** Provided information follows **
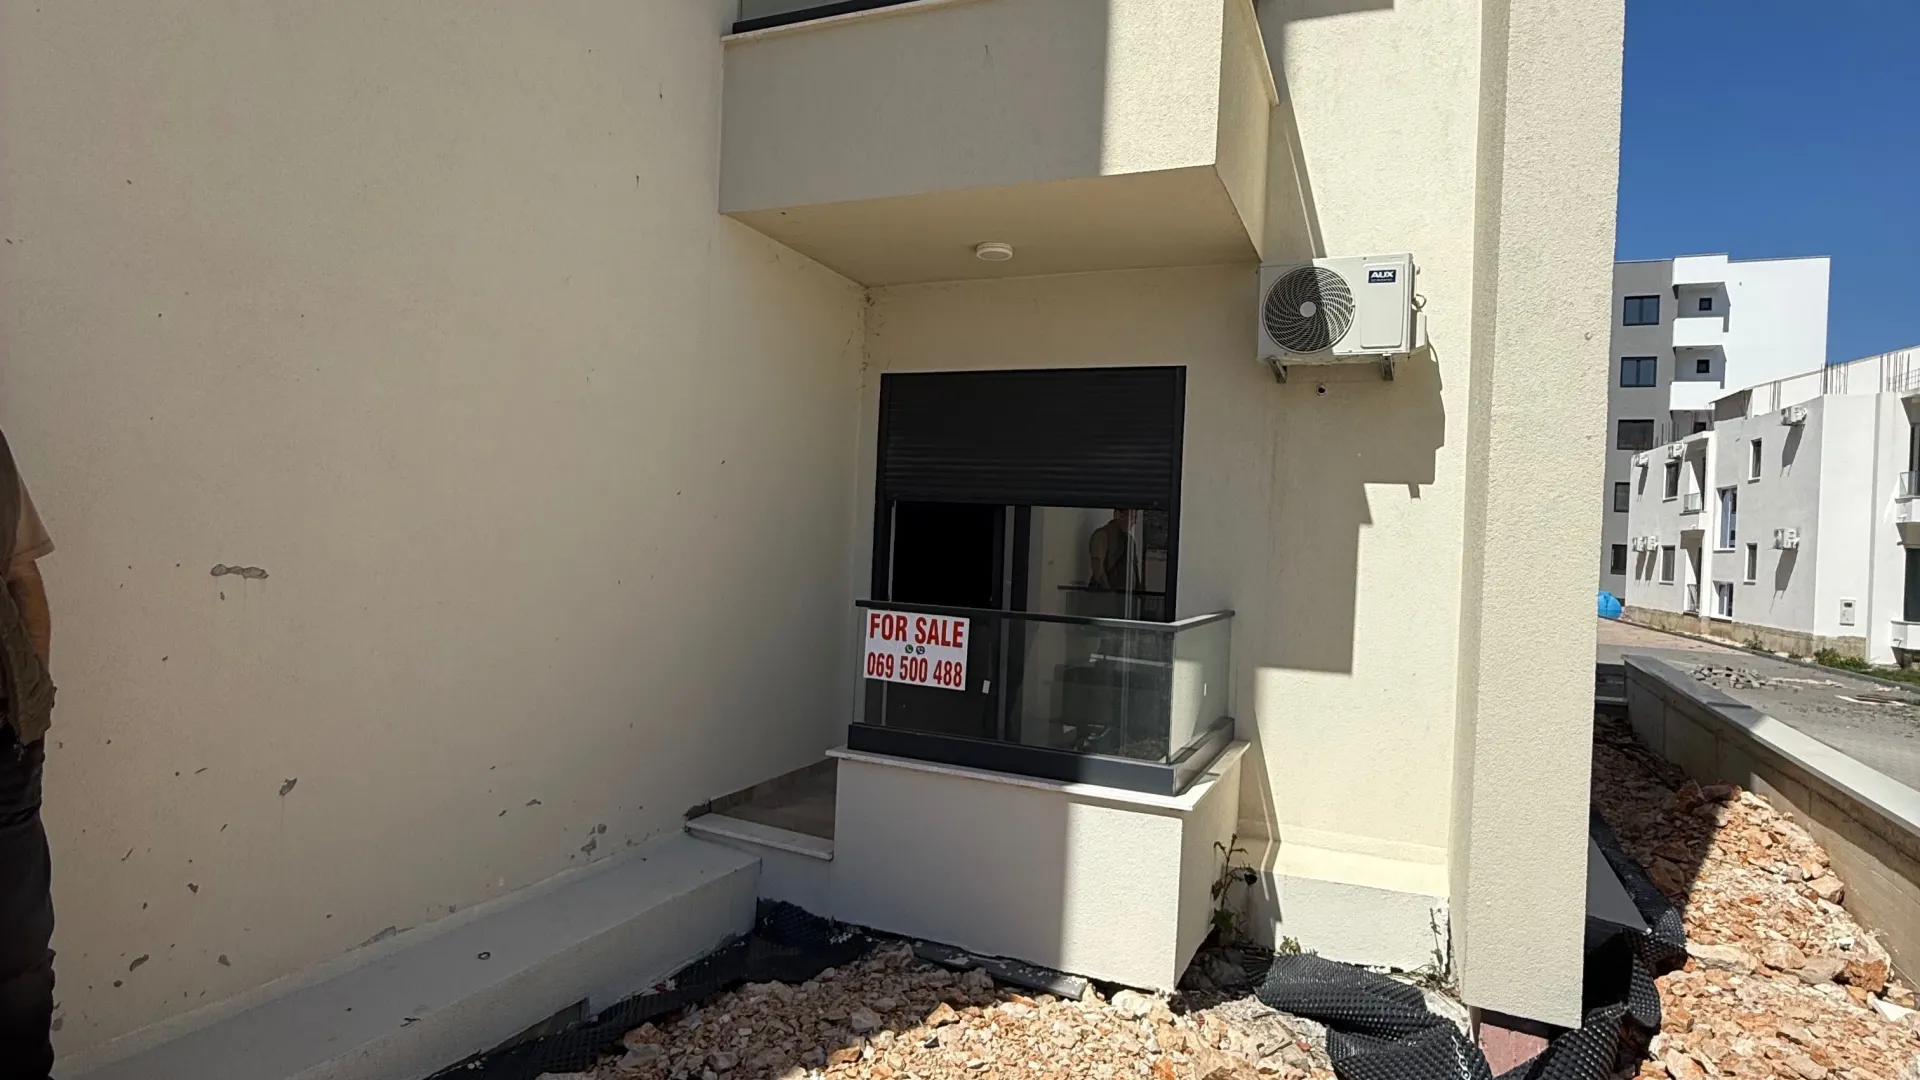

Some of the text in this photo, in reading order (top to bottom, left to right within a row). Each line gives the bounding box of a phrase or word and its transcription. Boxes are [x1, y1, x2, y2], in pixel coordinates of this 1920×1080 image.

[869, 613, 965, 648] FOR SALE
[867, 652, 963, 688] 069 500 488
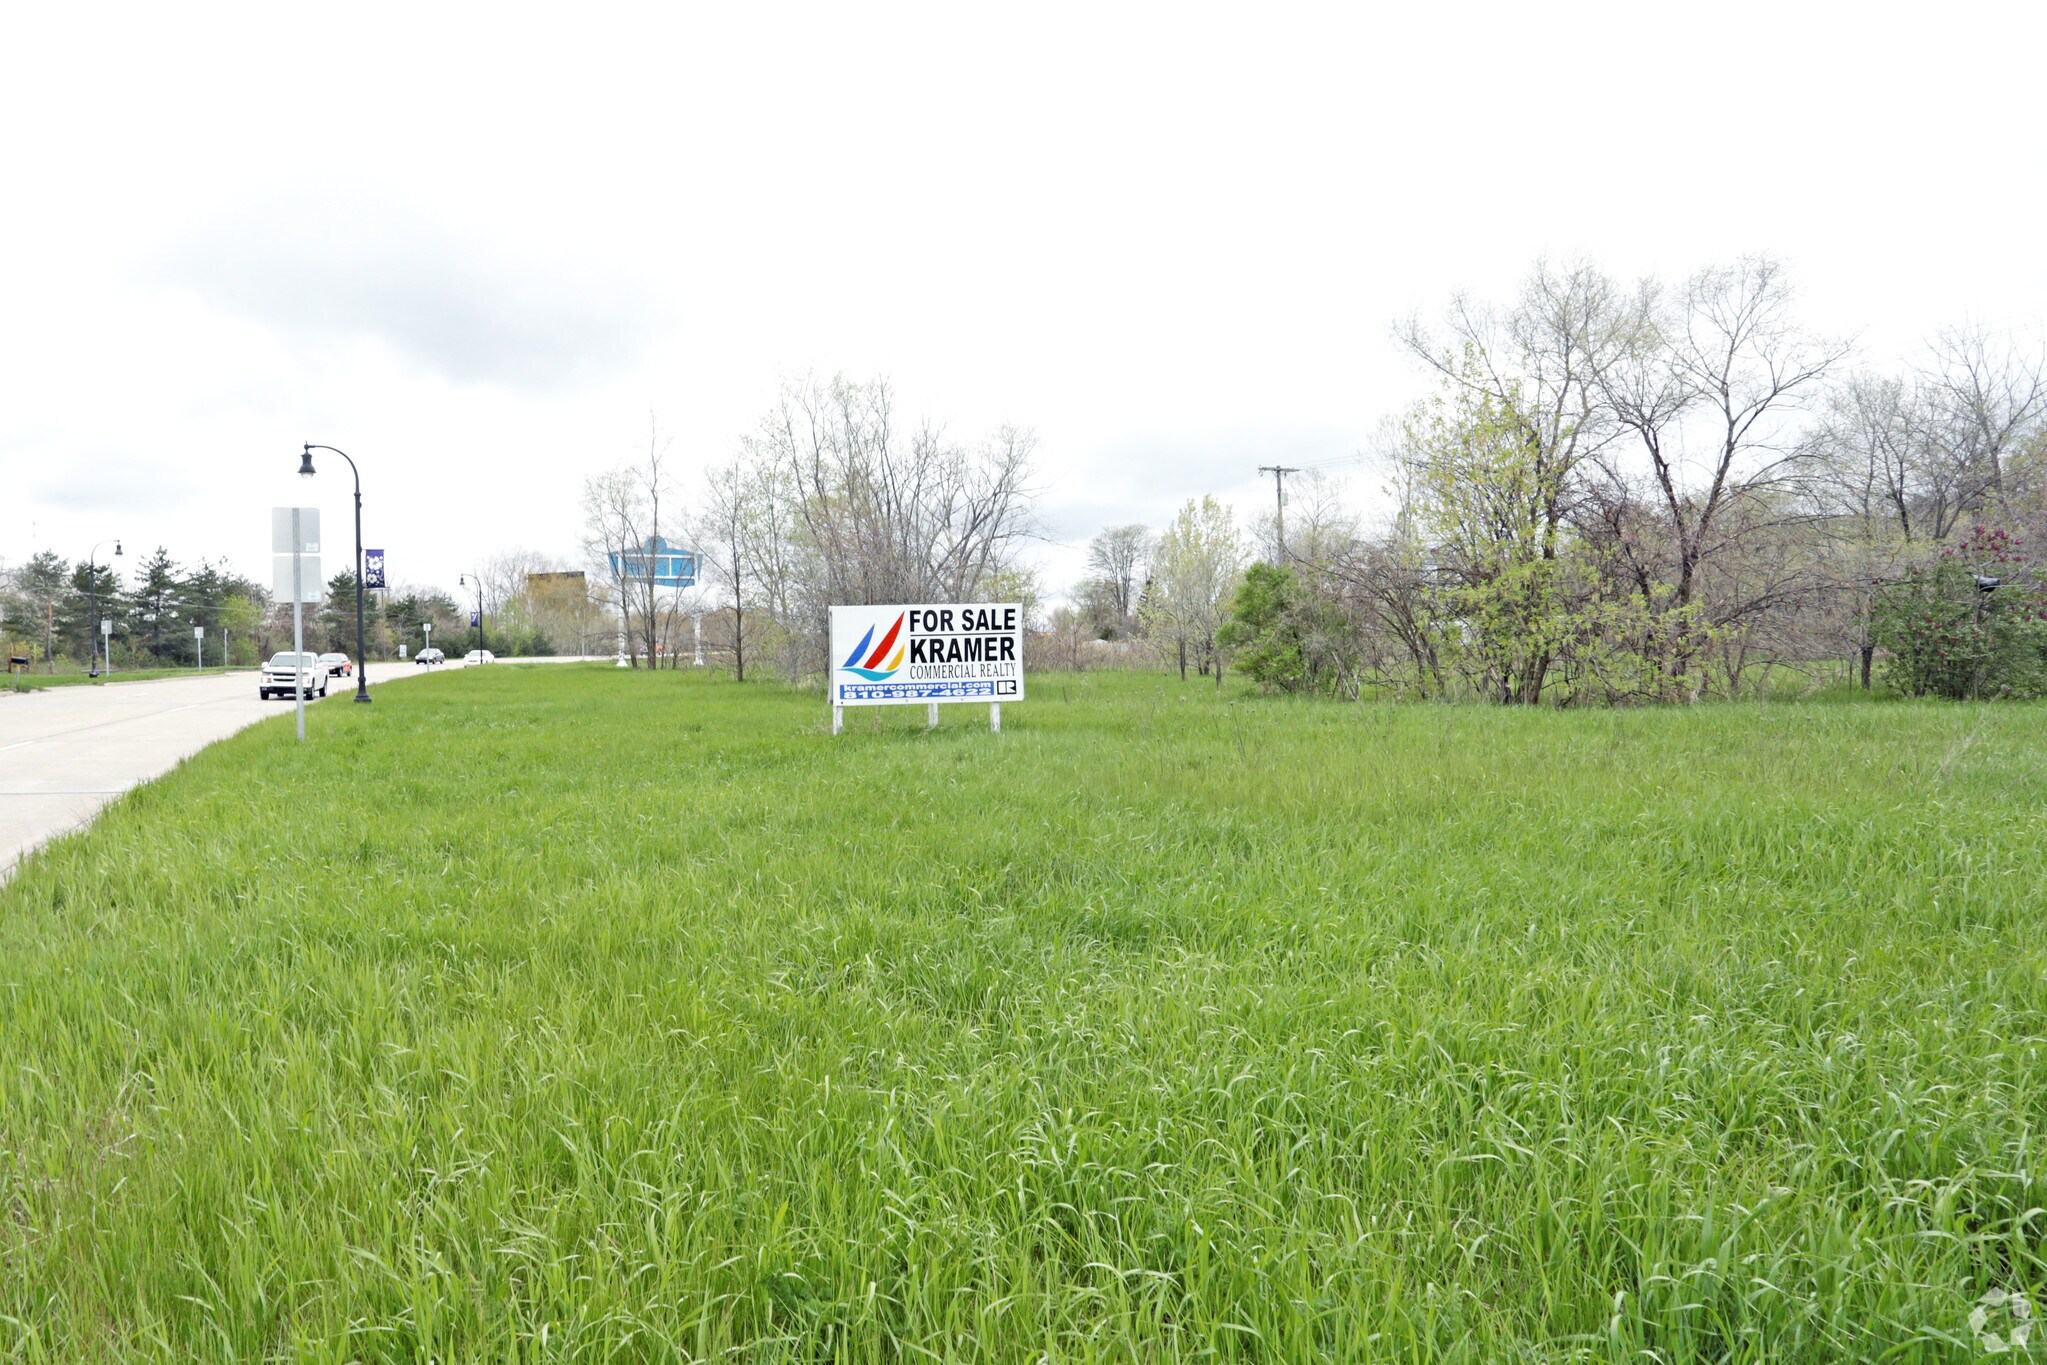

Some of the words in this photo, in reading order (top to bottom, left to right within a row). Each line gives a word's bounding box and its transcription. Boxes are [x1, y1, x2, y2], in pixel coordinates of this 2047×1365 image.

[909, 609, 954, 632] FOR
[961, 608, 1016, 631] SALE
[910, 637, 1015, 663] KRAMER
[910, 664, 977, 679] COMMERCIAL
[980, 663, 1016, 677] REALTY
[843, 682, 991, 692] kramercommercial.com
[843, 689, 992, 699] 810-987-4622
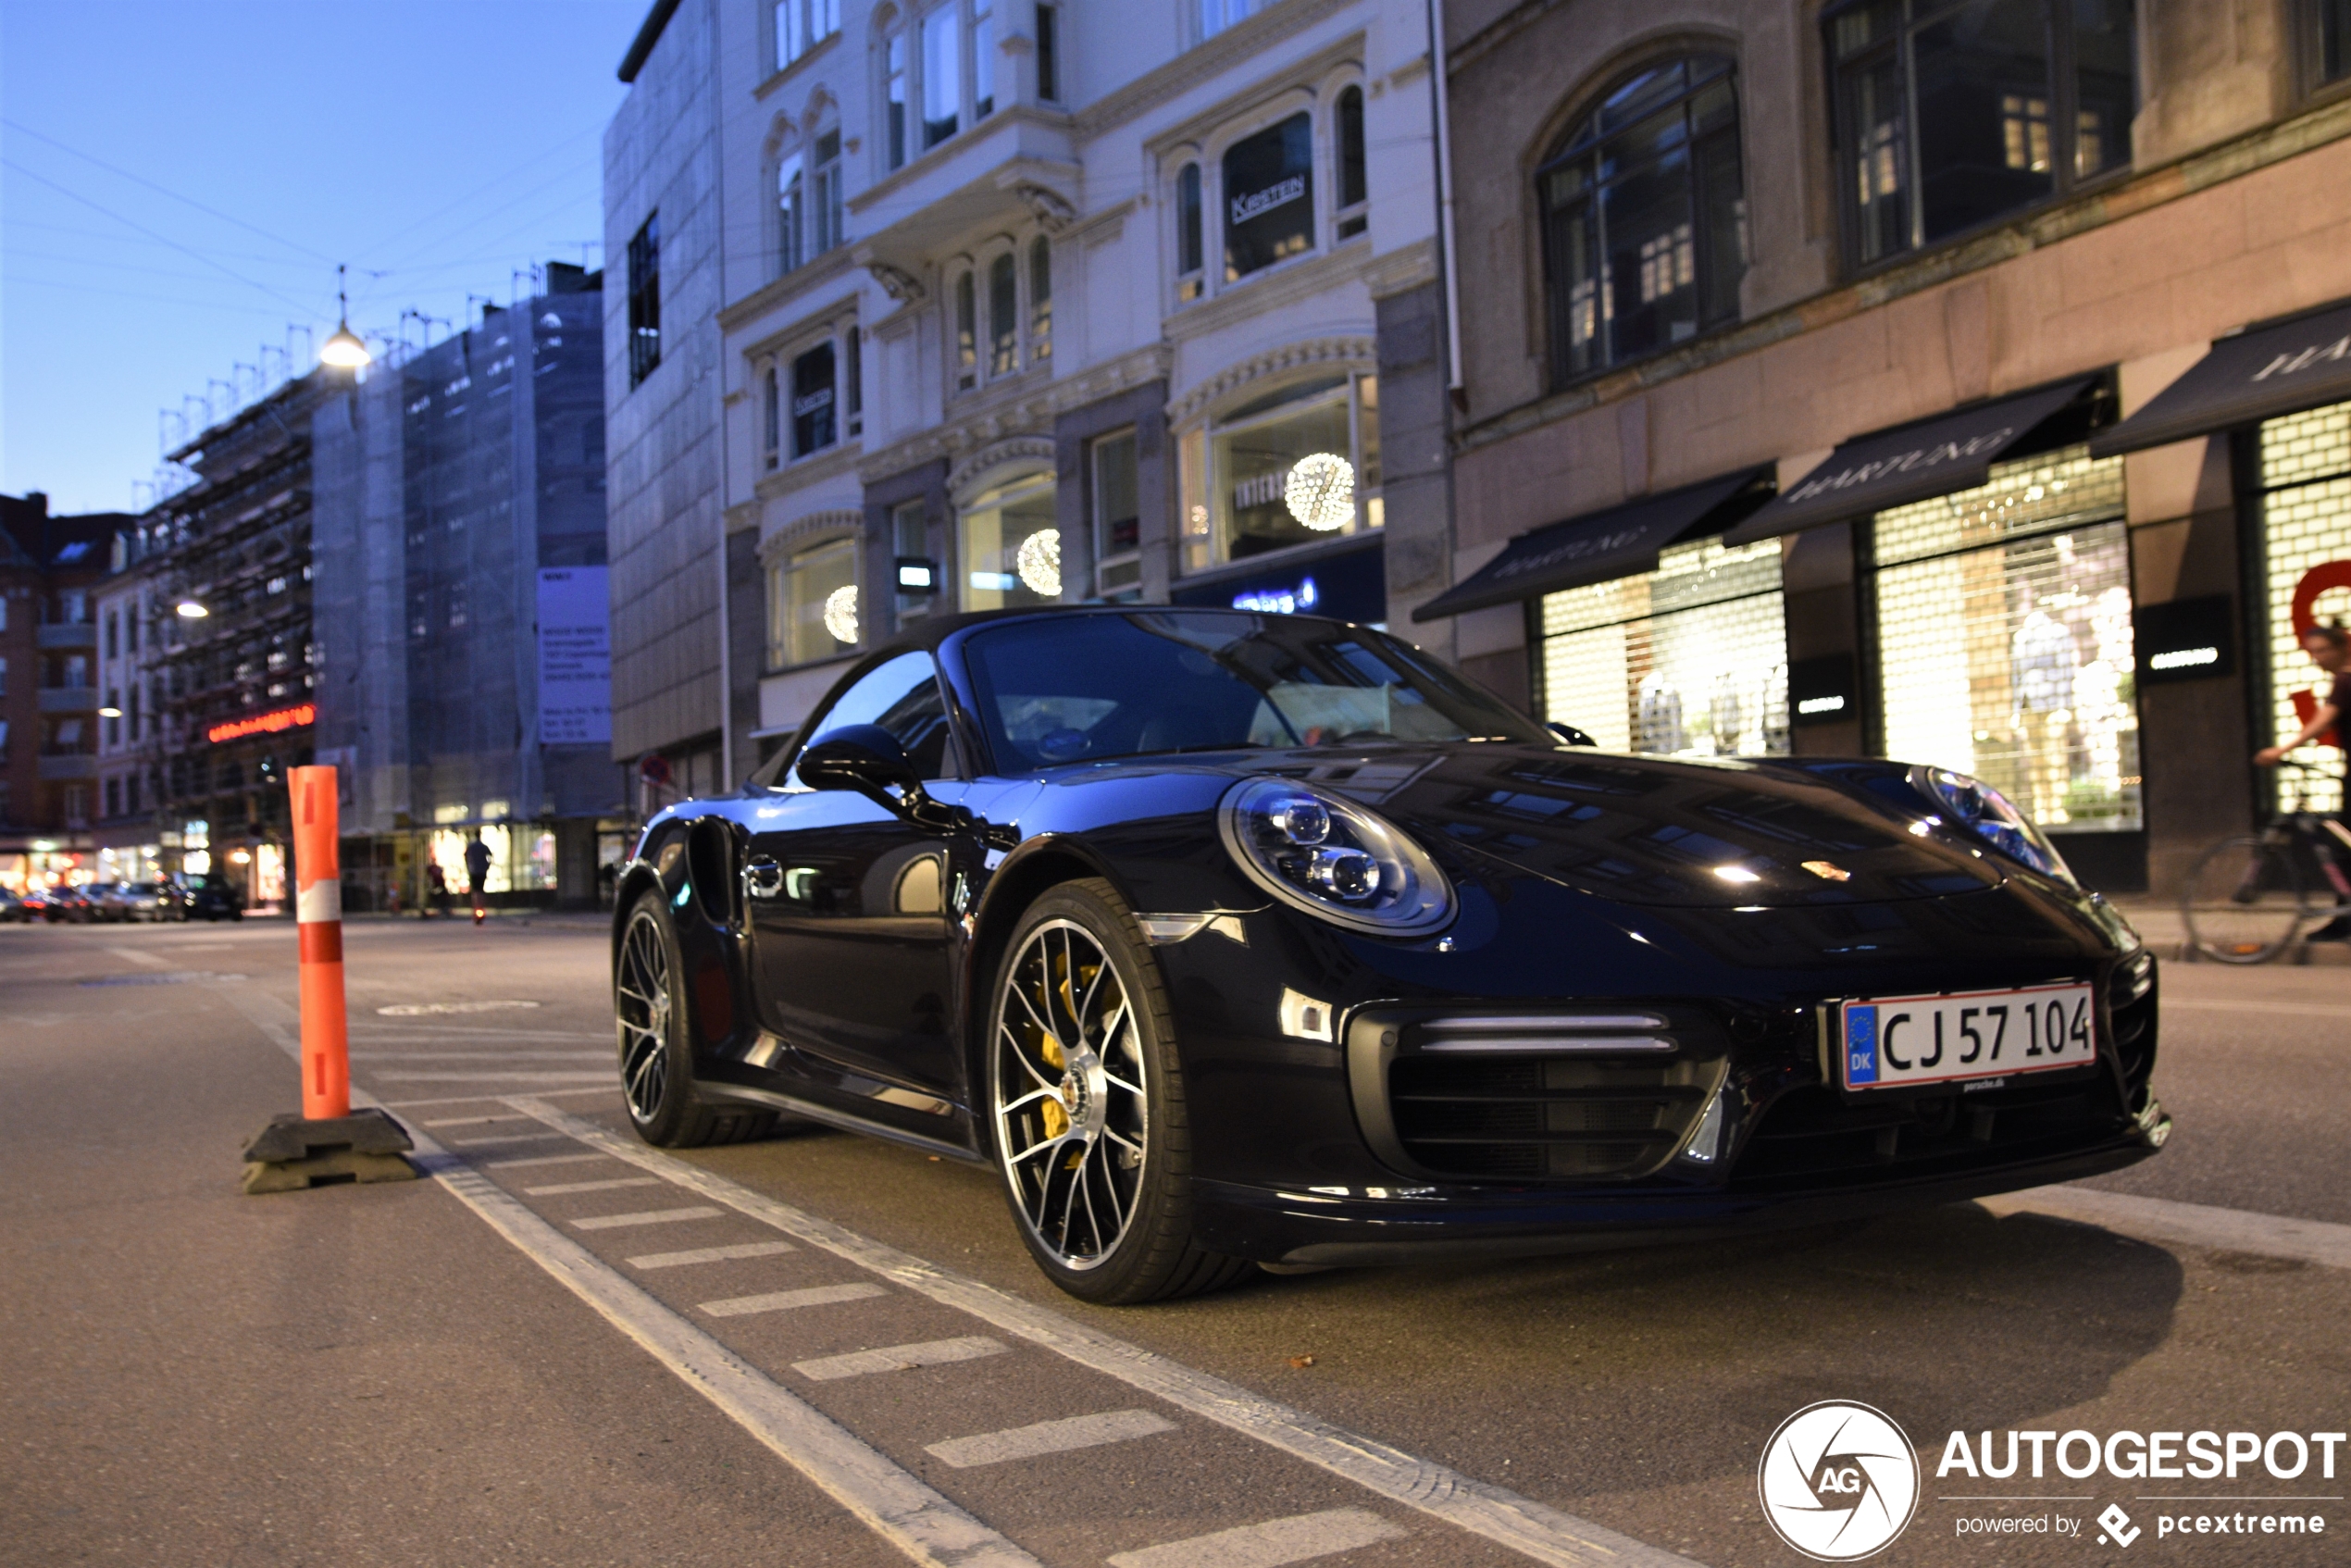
** End of Provided information **
Task to carry out — From the first line to the last, set down the records word for word and drop the images.

Written solution —
Some of the text in this photo, in reading order (top to bottom, left to right within a row). Each line gives the bounding box of a phrase or word and its transcription. Boxes are [x1, y1, x2, y2], in pixel coordinates of this 1920×1080 image.

[869, 613, 965, 648] FOR SALE
[867, 652, 963, 688] 069 500 488

Some of the words in this photo, in reading order (top to bottom, left to right within a row). Each line gives a word's bounding box and its transcription. Boxes are [x1, y1, x2, y2], in pixel coordinates of this 2047×1365 image.

[909, 609, 954, 632] FOR
[961, 608, 1016, 631] SALE
[910, 637, 1015, 663] KRAMER
[910, 664, 977, 679] COMMERCIAL
[980, 663, 1016, 677] REALTY
[843, 682, 991, 692] kramercommercial.com
[843, 689, 992, 699] 810-987-4622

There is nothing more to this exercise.